(DATA FOR ANALYSIS)

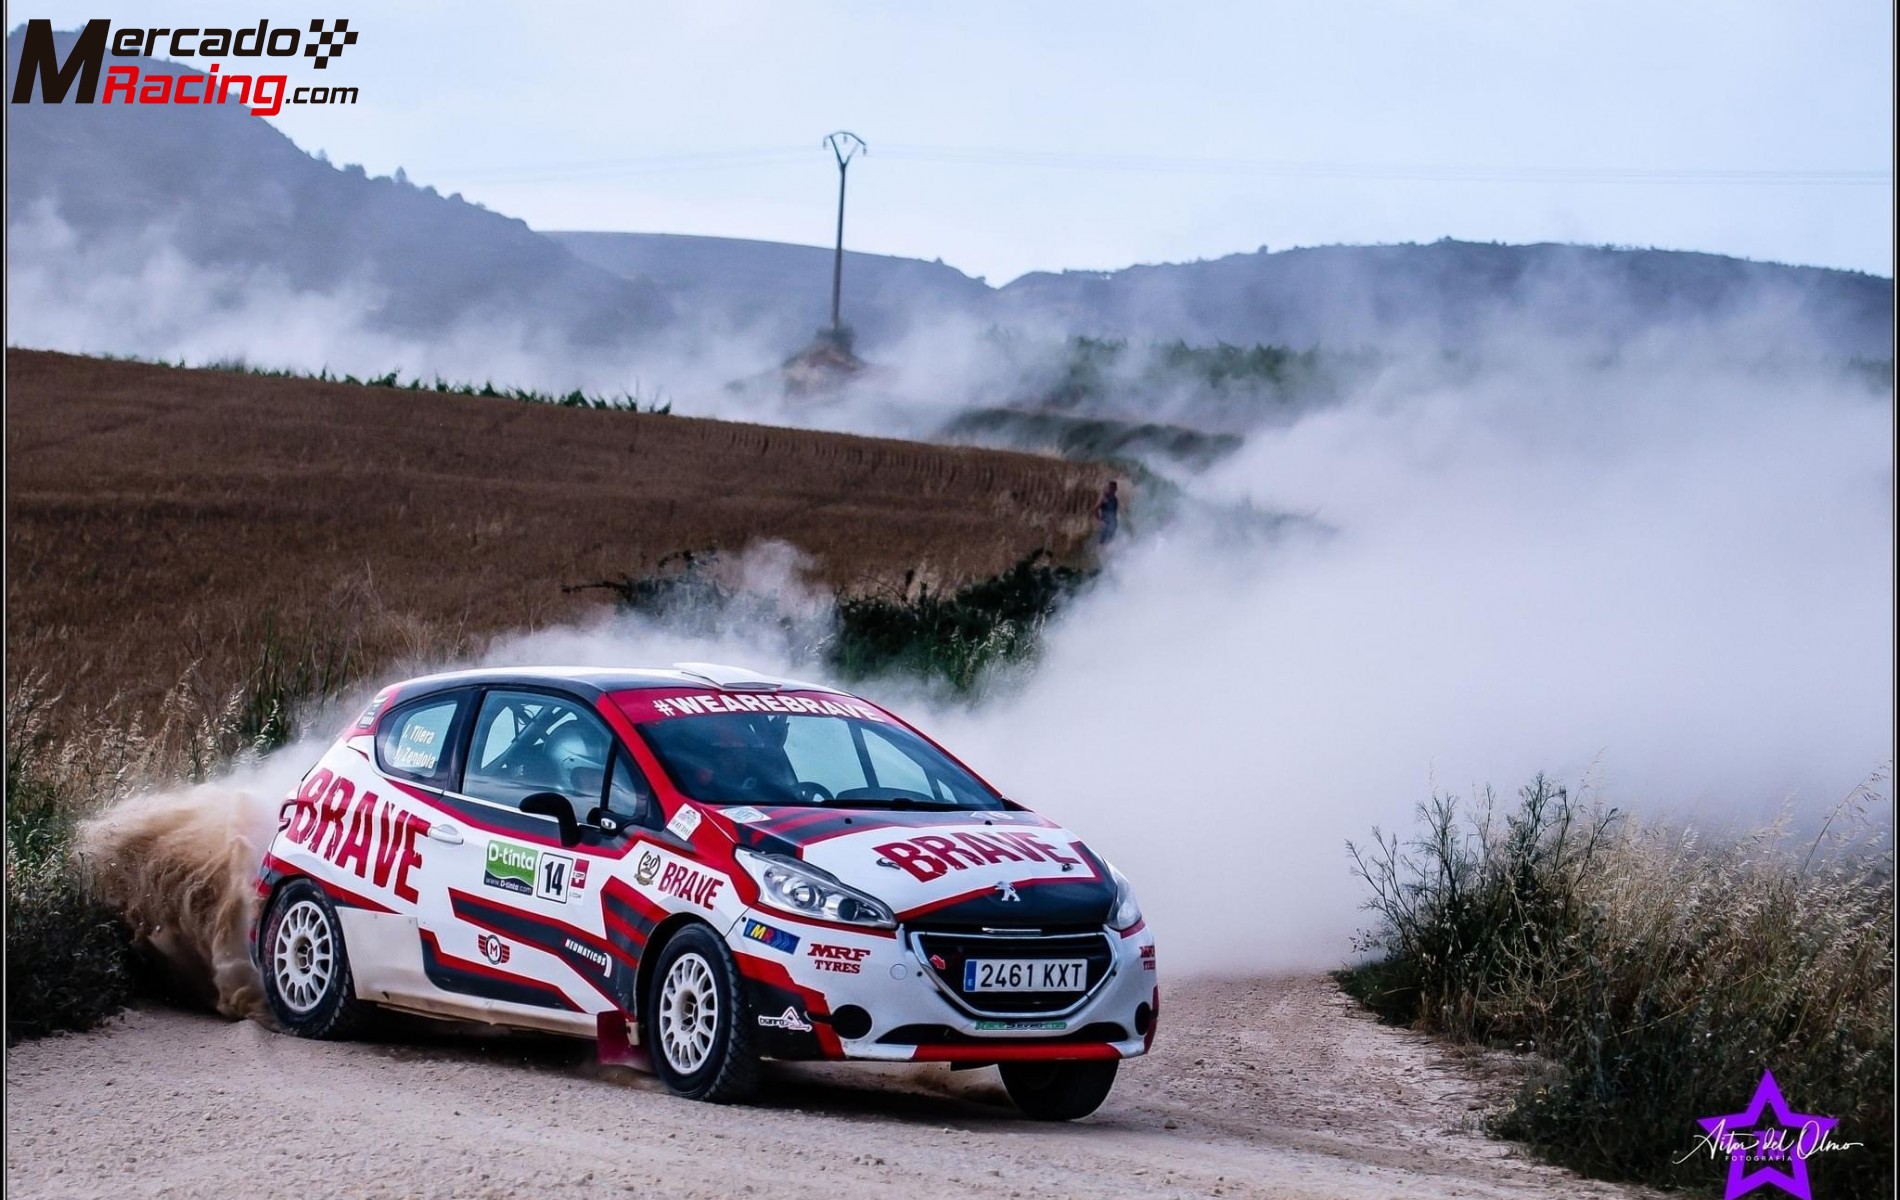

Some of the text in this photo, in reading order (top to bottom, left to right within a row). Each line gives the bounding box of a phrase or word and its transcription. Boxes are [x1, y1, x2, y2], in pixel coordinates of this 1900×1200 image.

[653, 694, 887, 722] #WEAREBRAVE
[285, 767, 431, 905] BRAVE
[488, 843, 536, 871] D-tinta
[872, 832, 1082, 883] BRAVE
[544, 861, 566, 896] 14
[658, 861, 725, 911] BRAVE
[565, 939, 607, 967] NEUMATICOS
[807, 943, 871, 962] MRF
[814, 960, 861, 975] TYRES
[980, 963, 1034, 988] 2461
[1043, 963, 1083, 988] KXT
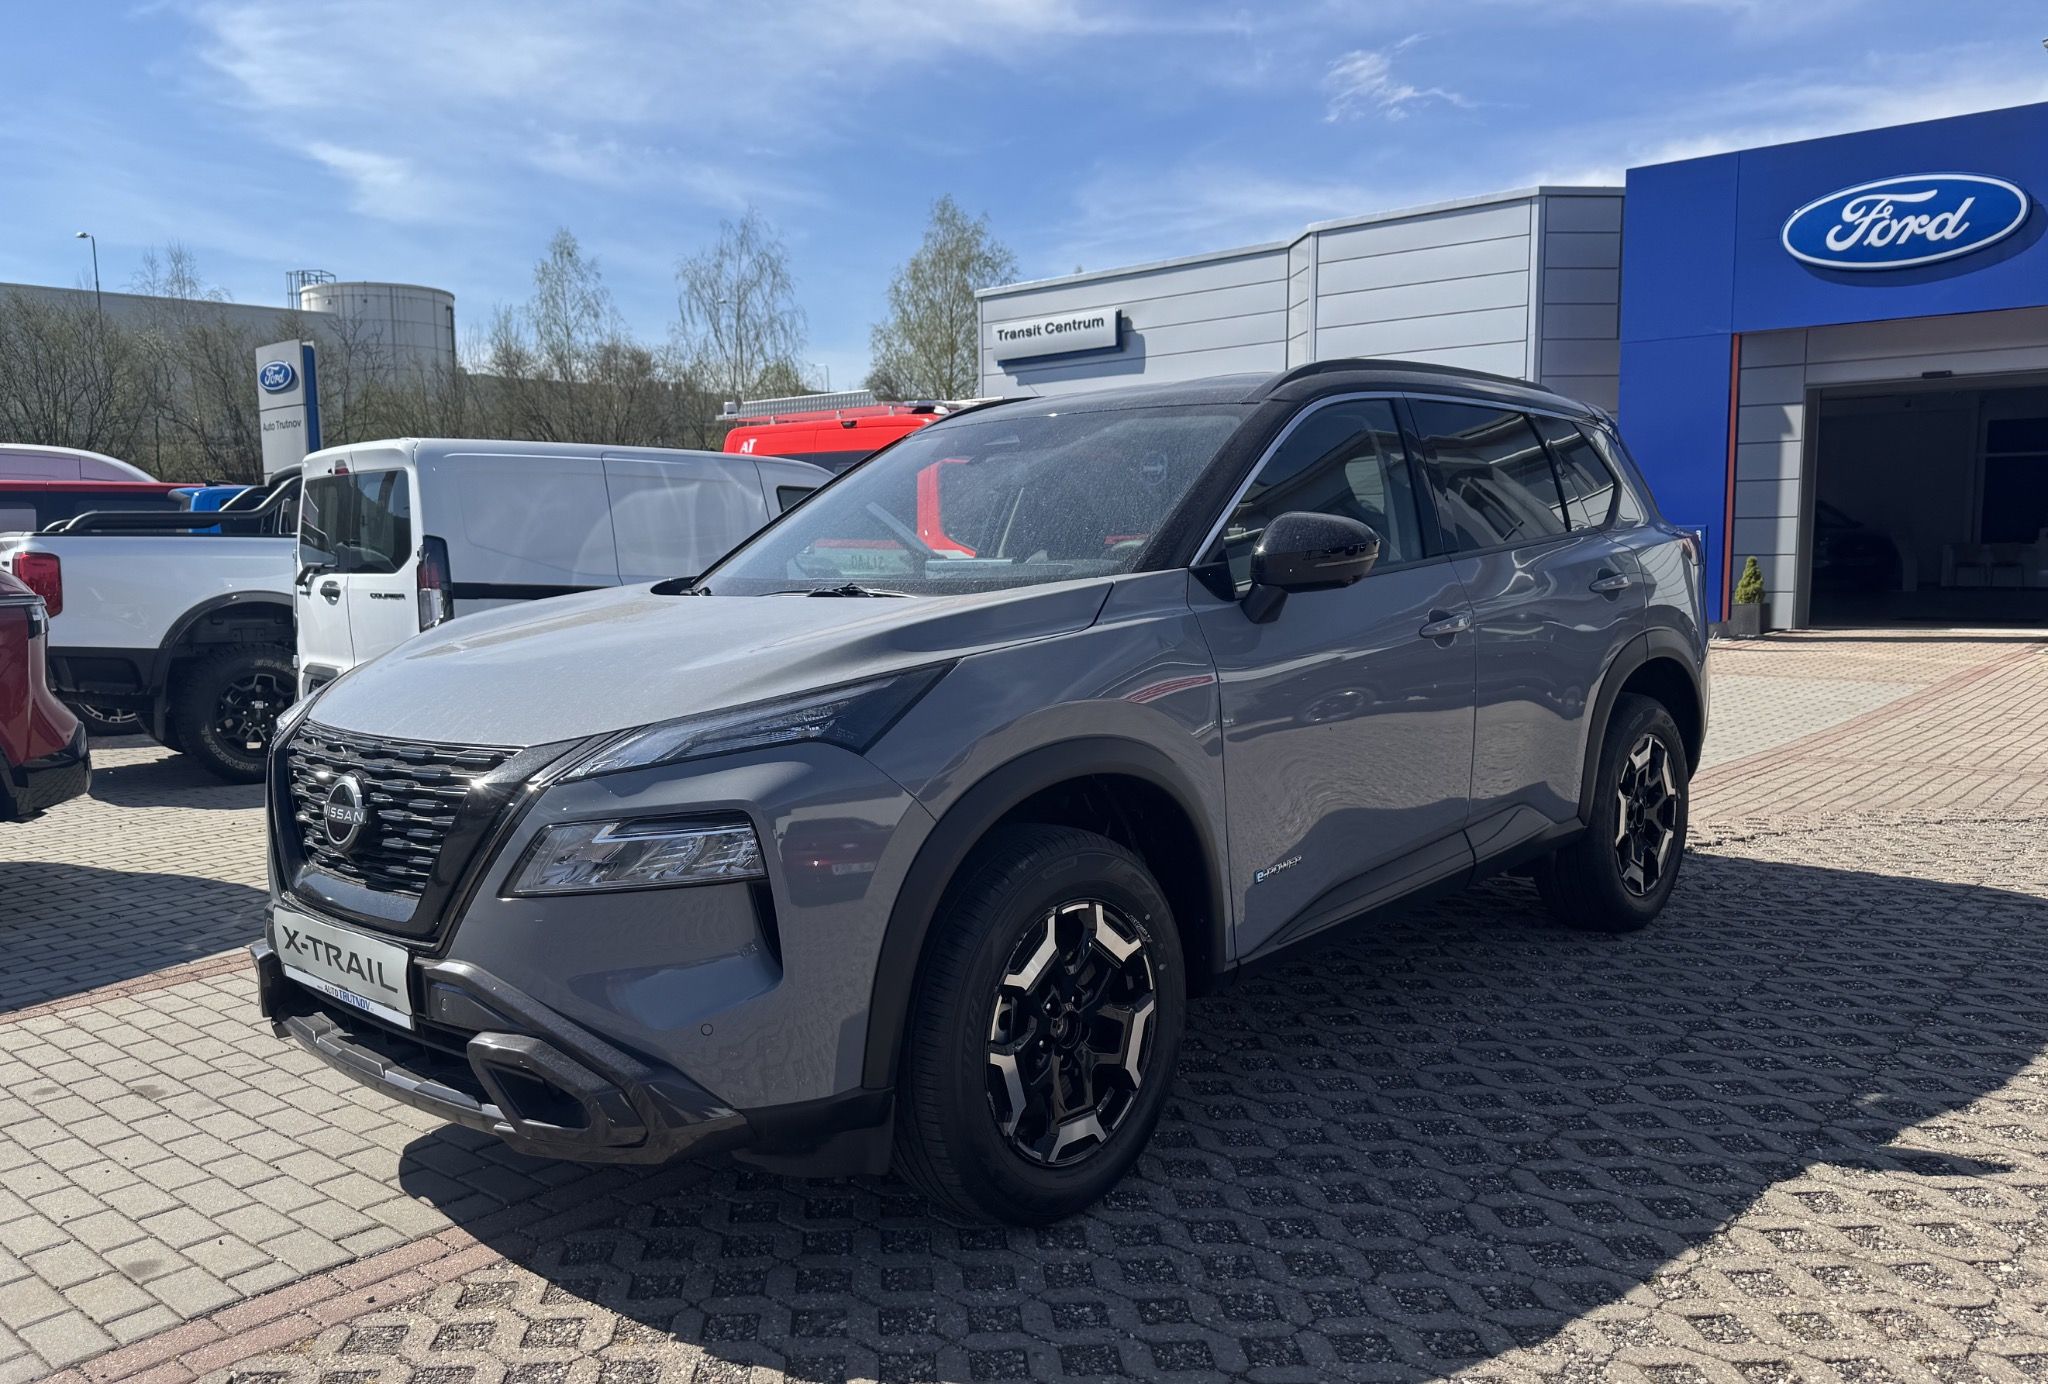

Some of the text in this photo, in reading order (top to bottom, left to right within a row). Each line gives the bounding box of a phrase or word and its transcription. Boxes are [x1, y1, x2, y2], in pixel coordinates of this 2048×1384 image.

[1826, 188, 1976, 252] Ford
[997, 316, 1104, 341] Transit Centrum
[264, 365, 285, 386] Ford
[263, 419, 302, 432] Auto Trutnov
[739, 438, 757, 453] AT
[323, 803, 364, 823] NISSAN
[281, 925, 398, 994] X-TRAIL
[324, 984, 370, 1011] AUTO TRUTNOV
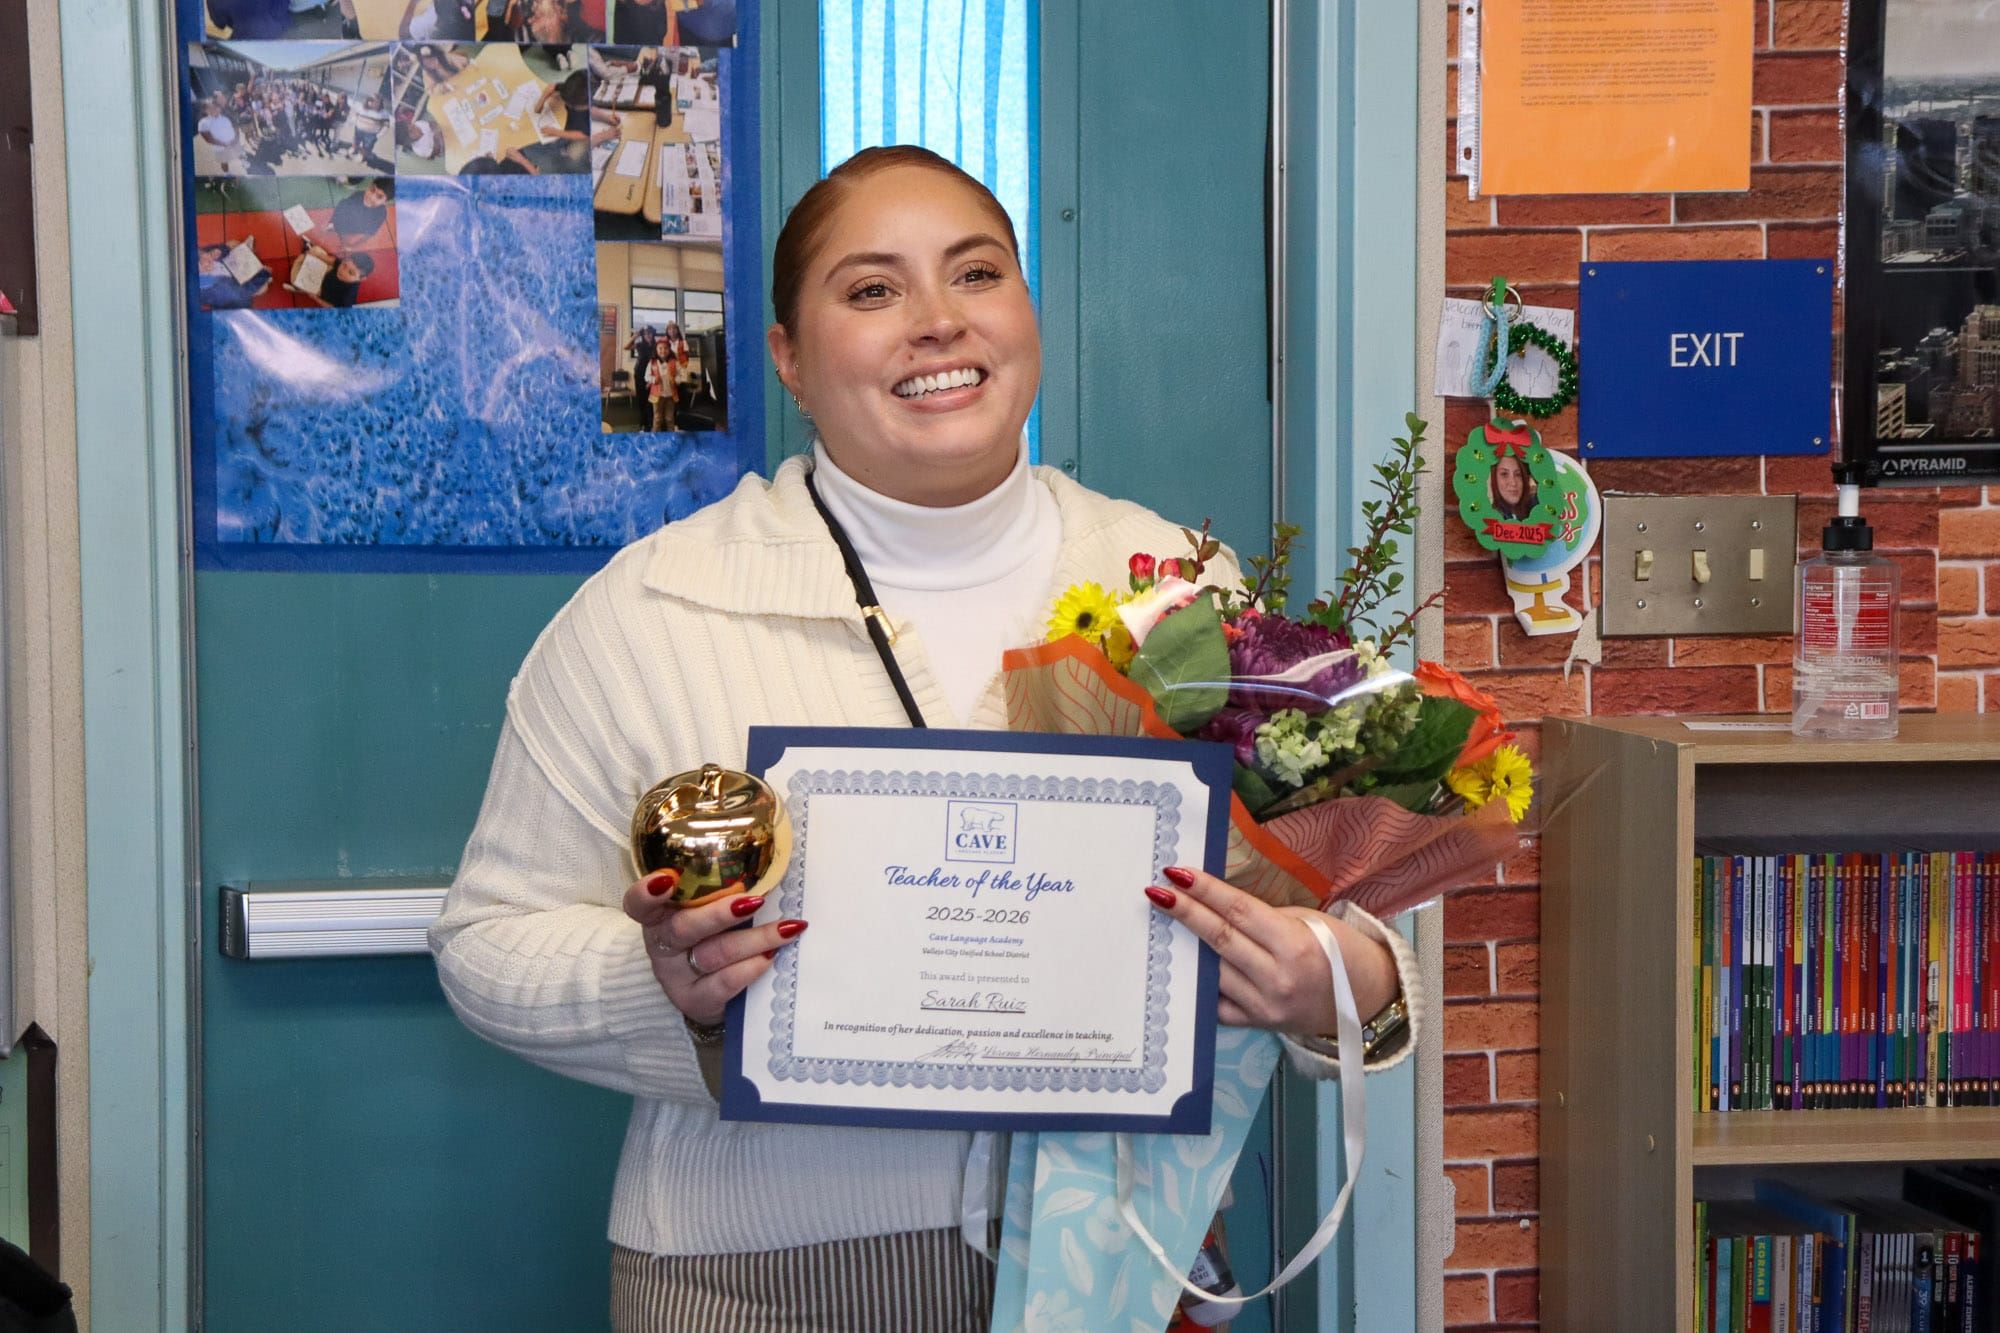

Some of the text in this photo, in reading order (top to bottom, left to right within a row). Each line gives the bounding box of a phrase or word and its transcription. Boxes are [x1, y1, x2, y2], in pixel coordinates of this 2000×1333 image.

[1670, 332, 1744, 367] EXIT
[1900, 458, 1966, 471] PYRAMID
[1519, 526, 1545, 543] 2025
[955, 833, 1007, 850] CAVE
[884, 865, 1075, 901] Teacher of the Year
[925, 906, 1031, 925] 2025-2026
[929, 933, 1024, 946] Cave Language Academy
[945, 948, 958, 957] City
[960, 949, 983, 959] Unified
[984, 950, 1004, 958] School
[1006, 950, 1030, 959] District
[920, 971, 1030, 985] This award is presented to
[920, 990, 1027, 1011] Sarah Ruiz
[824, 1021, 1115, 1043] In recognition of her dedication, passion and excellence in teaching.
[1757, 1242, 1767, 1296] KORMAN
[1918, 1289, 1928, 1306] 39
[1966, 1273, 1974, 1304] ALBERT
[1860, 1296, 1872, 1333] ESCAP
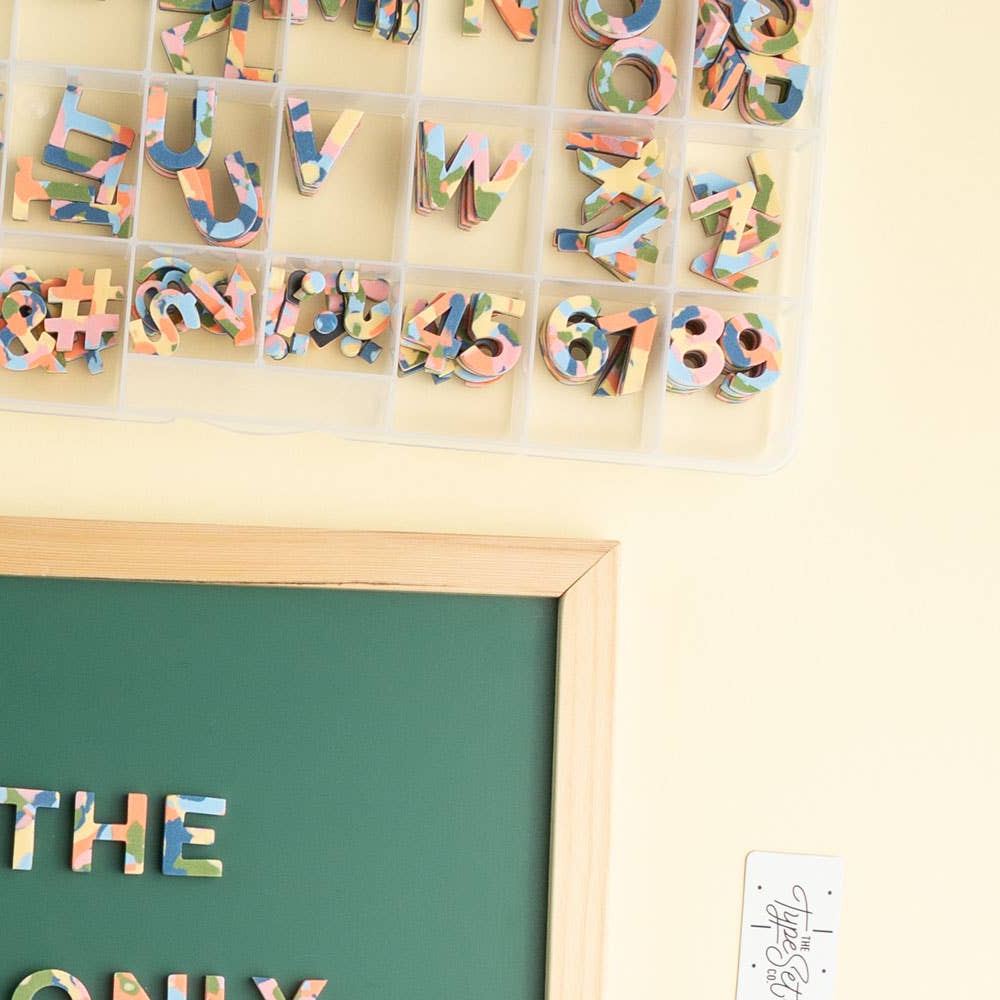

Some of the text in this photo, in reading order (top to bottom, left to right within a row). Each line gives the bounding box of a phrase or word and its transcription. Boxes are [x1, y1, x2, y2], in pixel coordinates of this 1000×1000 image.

(End DATA FOR ANALYSIS)

WHAT TO DO
Your copy should hold all the data word for word. It should hold no pictures.

RESULT OF THE EXERCISE
Some of the text in this photo, in reading order (top to bottom, left to right within a row). Each line gives the bounding box of a phrase or word and its transcription. Boxes are [x1, y1, x2, y2], in pixel coordinates of this 1900×1200 image.

[653, 694, 887, 722] #WEAREBRAVE
[285, 767, 431, 905] BRAVE
[488, 843, 536, 871] D-tinta
[872, 832, 1082, 883] BRAVE
[544, 861, 566, 896] 14
[658, 861, 725, 911] BRAVE
[565, 939, 607, 967] NEUMATICOS
[807, 943, 871, 962] MRF
[814, 960, 861, 975] TYRES
[980, 963, 1034, 988] 2461
[1043, 963, 1083, 988] KXT

Some of the text in this photo, in reading order (top to bottom, left to right within a row). Each line gives the bounding box of a phrase or word and its transcription. Boxes are [x1, y1, x2, y2], in pixel coordinates of this 2048×1384 image.

[1826, 188, 1976, 252] Ford
[997, 316, 1104, 341] Transit Centrum
[264, 365, 285, 386] Ford
[263, 419, 302, 432] Auto Trutnov
[739, 438, 757, 453] AT
[323, 803, 364, 823] NISSAN
[281, 925, 398, 994] X-TRAIL
[324, 984, 370, 1011] AUTO TRUTNOV

Some of the text in this photo, in reading order (top to bottom, left to right within a row). Each line gives the bounding box of a phrase or word and its transcription. Boxes are [x1, y1, x2, y2], in pixel coordinates of this 2000×1333 image.

[1670, 332, 1744, 367] EXIT
[1900, 458, 1966, 471] PYRAMID
[1519, 526, 1545, 543] 2025
[955, 833, 1007, 850] CAVE
[884, 865, 1075, 901] Teacher of the Year
[925, 906, 1031, 925] 2025-2026
[929, 933, 1024, 946] Cave Language Academy
[945, 948, 958, 957] City
[960, 949, 983, 959] Unified
[984, 950, 1004, 958] School
[1006, 950, 1030, 959] District
[920, 971, 1030, 985] This award is presented to
[920, 990, 1027, 1011] Sarah Ruiz
[824, 1021, 1115, 1043] In recognition of her dedication, passion and excellence in teaching.
[1757, 1242, 1767, 1296] KORMAN
[1918, 1289, 1928, 1306] 39
[1966, 1273, 1974, 1304] ALBERT
[1860, 1296, 1872, 1333] ESCAP

Some of the text in this photo, in reading order (top to bottom, left to right within a row). Each line gives the bounding box of a phrase or word and its transcription. Boxes are [x1, y1, x2, y2], in pixel coordinates of this 1000×1000 image.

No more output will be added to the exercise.